Выбрать главу

Уезжал я надолго, и Симона поехала со мной. Кроме того, мы решили взять в Америку Эмили и Гастона Вольфов, чету молодых эльзасцев, которые уже несколько лет у нас работали и были столь преданны и сообразительны, что стали нашими друзьями. У одного профессора, находящегося в долгосрочном отпуске, университет снял для нас дом (по американскому обычаю, каждые семь лет преподаватель получает годичный отпуск и может посвятить его чтению, путешествиям или самообразованию). Это был деревянный домик, окруженный кленами и яворами, которые американская осень ярко раскрасила в красный и желтый цвет. Наши лужайки сообщались с лужайками соседей; эта страна не любила перегородок, столь дорогих европейскому сердцу. Под окнами скакали белки. На нашей улице жили только преподаватели; это была тихая провинциальная улочка. От Принстона у нас с женой остались ничем не омраченные, дивные воспоминания. Мы там были безмятежно, безмерно счастливы, как никогда не были ни в Нёйи, ни в деревне, ни в сумбурных наших путешествиях, где неизменно нас настигала суета, профессиональные обязанности, семейные хлопоты, воспоминания прошедших лет. В нашем домике на Бродмид мы жили совершенно одни и соприкасались с миром только через работу, которая была нашим общим делом и которую мы оба любили. Ничто не омрачало нашего счастья. Мои коллеги были вежливы, приветливы, но не настаивали на дружеской откровенности, столь свойственной нашим европейским друзьям. По меньшей мере раз в день мы садились за стол вдвоем, и так было почти все время. В Европе этого никогда не случалось.

— Ну вот наконец и свадебное путешествие, — говорила Симона.

Те из парижских знакомых, которые плохо знали мою жену, считали, что она не может жить без светских раутов, торжественных обедов, посольских вечеров, — а она всего лишь играла предписанную ей роль. Теперь я хорошо понимал ее побуждения. Крайне добросовестная и прилежная, она во что бы то ни стало стремилась исполнить свой долг, будь то долг перед Богом, перед работой, передо мной или перед обществом. Ее учтивость была сродни набожности. Отказ от принятого приглашения был для нее равносилен прегрешению, и лишь траур или болезнь могли его оправдать. Не ответить на письмо, не послать вовремя поздравления или выражения соболезнования — все это было в ее глазах непозволительным проступком. Позже, когда она посвятит себя общественной деятельности в сельской коммуне, то с той же щепетильностью и самоотдачей, с какой прежде участвовала в жизни света, она будет участвовать в местных мероприятиях и ради какого-нибудь муниципального советника будет усердствовать не меньше, чем ради короля. В Принстоне ей нравилось вести тихую обывательскую жизнь, ходить на рынок, в мясную лавку, к мороженщику, поить чаем моих студентов. К этим занятиям добавлялось ежедневное восьмичасовое сидение за пишущей машинкой.

— Я никогда еще не была так счастлива, — говорила она мне.

Мы вступали в новую жизнь — такую, о какой мечтали.

Курс, который я читал, назывался «Французский роман от „Принцессы Киевской“ до „Поисков утраченного времени“». К занятиям были допущены пятьдесят студентов, сдавших экзамен по французскому и обладавших необходимым уровнем подготовки. Два раза в неделю я читал лекции. В остальные дни студенты приходили ко мне по семь-восемь человек, садились на ковер и, покуривая, обсуждали со мной произведения Бальзака или Стендаля, Флобера или Анатоля Франса — в зависимости от того, что я задавал им прочесть. Беседовали мы свободно, весело и оживленно. Говорили о литературном мастерстве, истории, нравственности, философии. Я испытывал неведомую мне дотоле радость оттого, что находился среди молодых, и как будто сам становился студентом.
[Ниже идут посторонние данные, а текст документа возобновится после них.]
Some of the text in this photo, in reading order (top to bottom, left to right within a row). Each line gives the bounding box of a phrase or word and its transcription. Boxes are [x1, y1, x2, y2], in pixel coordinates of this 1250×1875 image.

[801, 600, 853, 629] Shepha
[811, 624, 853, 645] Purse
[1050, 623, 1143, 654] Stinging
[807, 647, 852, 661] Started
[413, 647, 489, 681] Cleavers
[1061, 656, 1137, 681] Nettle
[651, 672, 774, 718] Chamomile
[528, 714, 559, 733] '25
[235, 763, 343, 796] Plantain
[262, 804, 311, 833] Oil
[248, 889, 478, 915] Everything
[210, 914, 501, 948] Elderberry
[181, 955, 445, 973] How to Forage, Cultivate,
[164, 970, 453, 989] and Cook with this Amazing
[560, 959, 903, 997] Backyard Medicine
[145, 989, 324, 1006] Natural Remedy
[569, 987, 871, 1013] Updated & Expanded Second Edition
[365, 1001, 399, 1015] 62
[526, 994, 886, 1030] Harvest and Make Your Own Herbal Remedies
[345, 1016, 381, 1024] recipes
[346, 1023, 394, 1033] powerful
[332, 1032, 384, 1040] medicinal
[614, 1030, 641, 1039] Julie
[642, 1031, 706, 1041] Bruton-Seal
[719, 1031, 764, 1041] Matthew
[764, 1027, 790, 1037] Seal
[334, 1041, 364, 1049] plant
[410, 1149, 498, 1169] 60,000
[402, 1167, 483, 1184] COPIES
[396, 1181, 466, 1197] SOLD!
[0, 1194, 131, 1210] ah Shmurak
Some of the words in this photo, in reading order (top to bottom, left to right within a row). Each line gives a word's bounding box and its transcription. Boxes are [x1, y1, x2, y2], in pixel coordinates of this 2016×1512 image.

В конце семестра президент Хиббен сказал мне:

— Ваши лекции имеют успех; студенты к вам привязались; вы прирожденный педагог. Не хотите ли остаться у нас на постоянной работе? Восемь месяцев в году вы будете жить в Соединенных Штатах, а четыре месяца каникул проводить во Франции…

Предложение показалось мне заманчивым, и я решил посоветоваться с женой. Мы колебались. В Принстоне мы были невообразимо счастливы. Кроме того, мы понимали, что старая Европа стоит на пороге великих бед и не мешало бы, вероятно, подыскать себе безопасное пристанище. Но остаться в Америке значило для нас бросить Францию, воспитывать детей за границей. Мы решили, что не имеем на это права. Я отказался. Было ли это ошибкой? Думается, что если бы я тогда сказал «да», жизнь моя сложилась бы много легче. Но была бы она такой же богатой и яркой или нет? На этот вопрос никто ответить не может, а я привык считать, что если чего-то не произошло, значит, и не могло произойти.